You could look at Tony Blair too – lining his pockets further by helping a despotic regime in Kazakhstan. That’s a country that – entirely coincidentally – has oil. Perhaps the former PM is looking the place over for signs of WMD …

There are times when I think that a heaven and hell would be a nice idea, if it meant that shits like Blair and his prayer buddy Dubya actually paid for what they did. Since there isn’t, let’s hope someone actually manages to arrest him one of these days – there is a bounty on offer to anyone making such an attempt.

Is there really anyone left who doesn’t realise that Blair was Son of Thatcher – a neo-liberal to his own core, who took up where she had left off, deregulating (so that it would be easier for the banks to screw everyone else) and selling off even more stuff so that private firms could crash down wages, sack staff and offshore in order to increase their profits.

It’s utter economic imbecility and short termism.

If you have an economy that is dependent on the service sector – including retail – then you need people to have money to spend in that sector.

If they don’t spend, companies go bust, more people end up unemployed, paying no tax but claiming benefits and with no money to spend in the service sector, thus ensuring that ever more business go bust – and so forth.

People need jobs. And they need to be paid a living wage for doing them. That is the only way to gain growth and cut the deficit in the short term. Rebalancing the economy is essential in the longer term, but cannot happen over night.

And this is hardly rocket science. I’m not some sort of economic Einstein in claiming that. It’s straightforward common sense.

But let’s have a look at the Eton boys – full of a belief that they were born to govern. Does anyone really believe that they care about the country or the bulk of the people therein?

I don’t. There’s hardly a politician in any party who has an inkling of ‘the real world’ (I know – I‘m squirming even as I write that cliché, but it’s true). And in the case of a lot of the current government, I don’t think they care either.

And that, when I’d much prefer to be doing other things, is why I ‘do’ politics to some degree.

It’s because I do care. And also because I’m a pragmatist – and a realist. And because, horribly as I get older, I realise that it’s just plain old bleedin’ common sense.


It is worth pointing out that there's nothing much new about corruption in politics.

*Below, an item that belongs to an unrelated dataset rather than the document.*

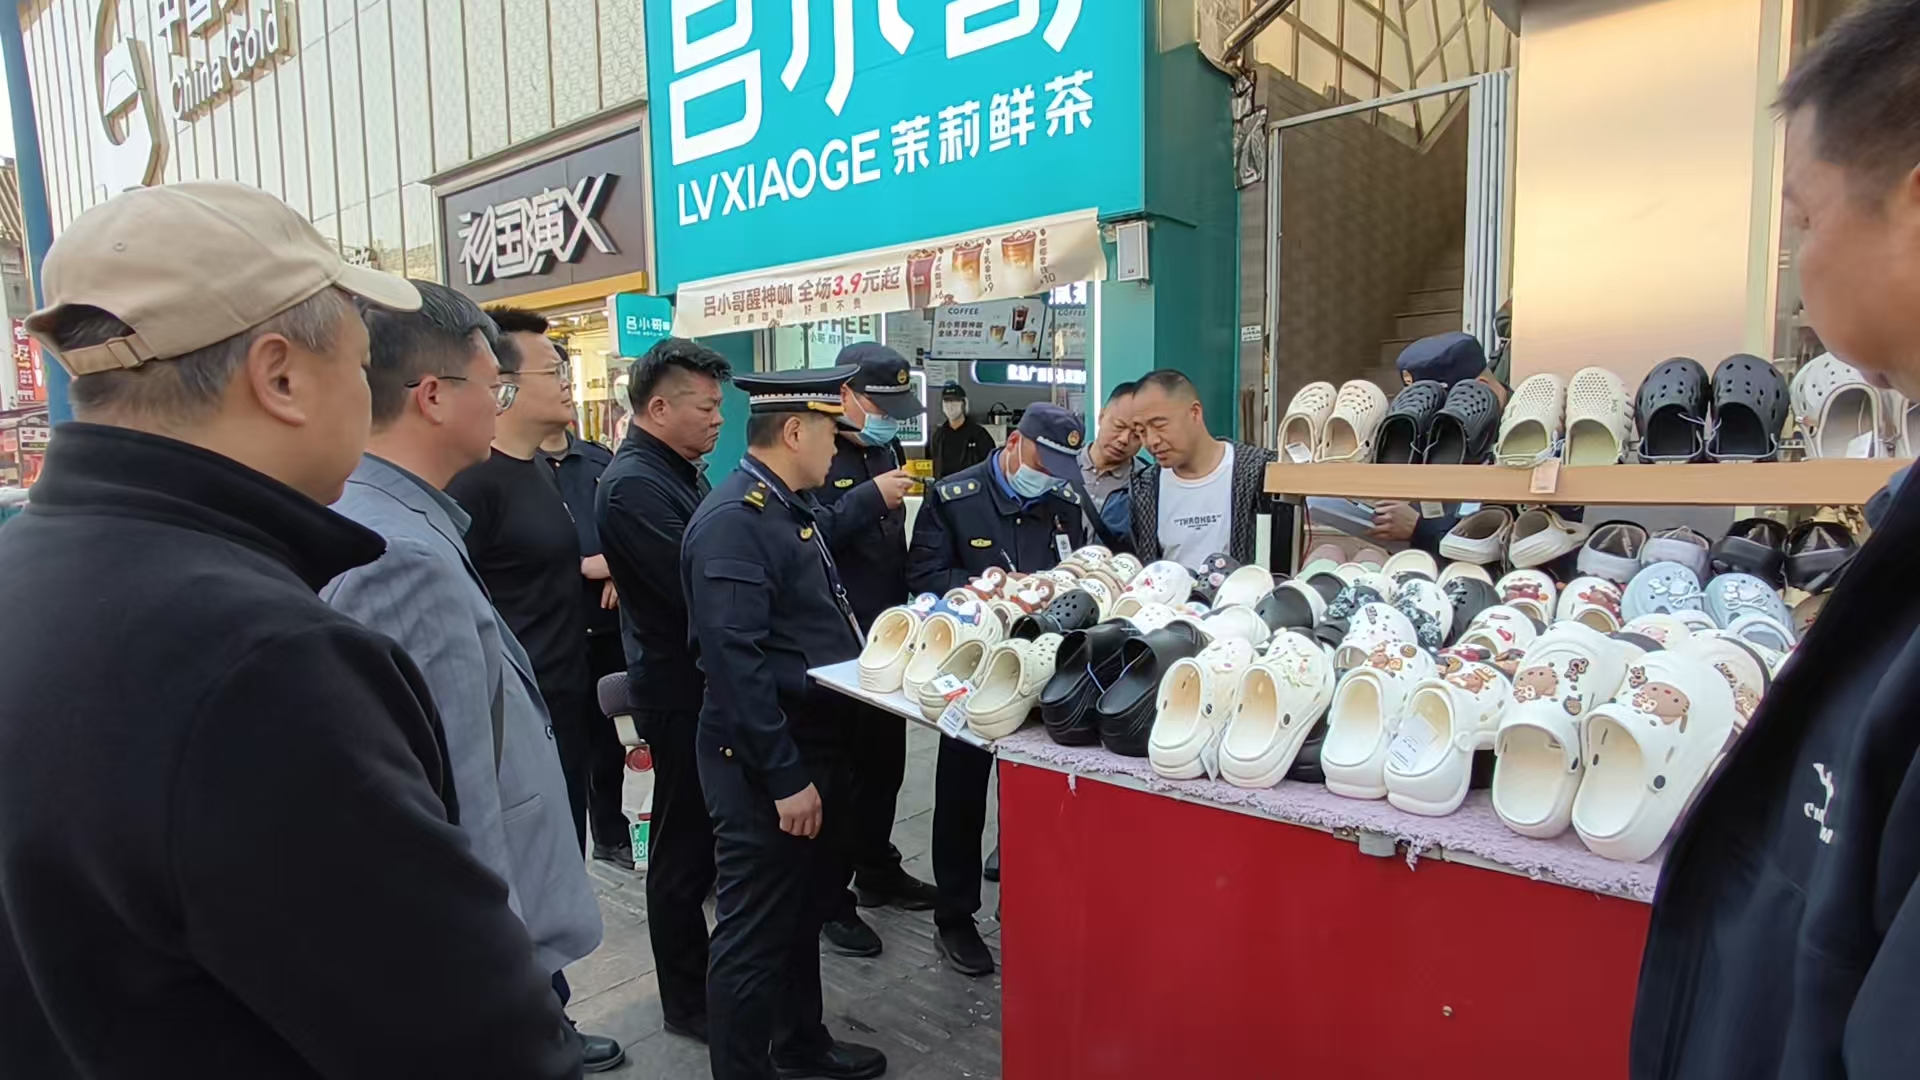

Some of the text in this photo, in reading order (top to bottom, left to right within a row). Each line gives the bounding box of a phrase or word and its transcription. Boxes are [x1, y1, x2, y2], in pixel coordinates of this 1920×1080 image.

Take a look at Hogarth's pictures of English life or read Dickens on elections and bribery in The Pickwick Papers (see ilustration).


So let's avoid getting caught in a trap about imagining some halcyon time in the past.

The moral of this, for want of a better word, is that if you aren’t prepared to do even a tiny bit – by which I mean voting and trying to keep yourself informed and thinking past the knee-jerk headlines – then you don’t have the right to whinge when you get walked over.


Put up a bit of a fight, in other words.

As the great German author and Nobel laureate Thomas Mann put it: "A man lives not only his personal life, as an individual, but also, consciously or unconsciously, the life of his epoch and his contemporaries."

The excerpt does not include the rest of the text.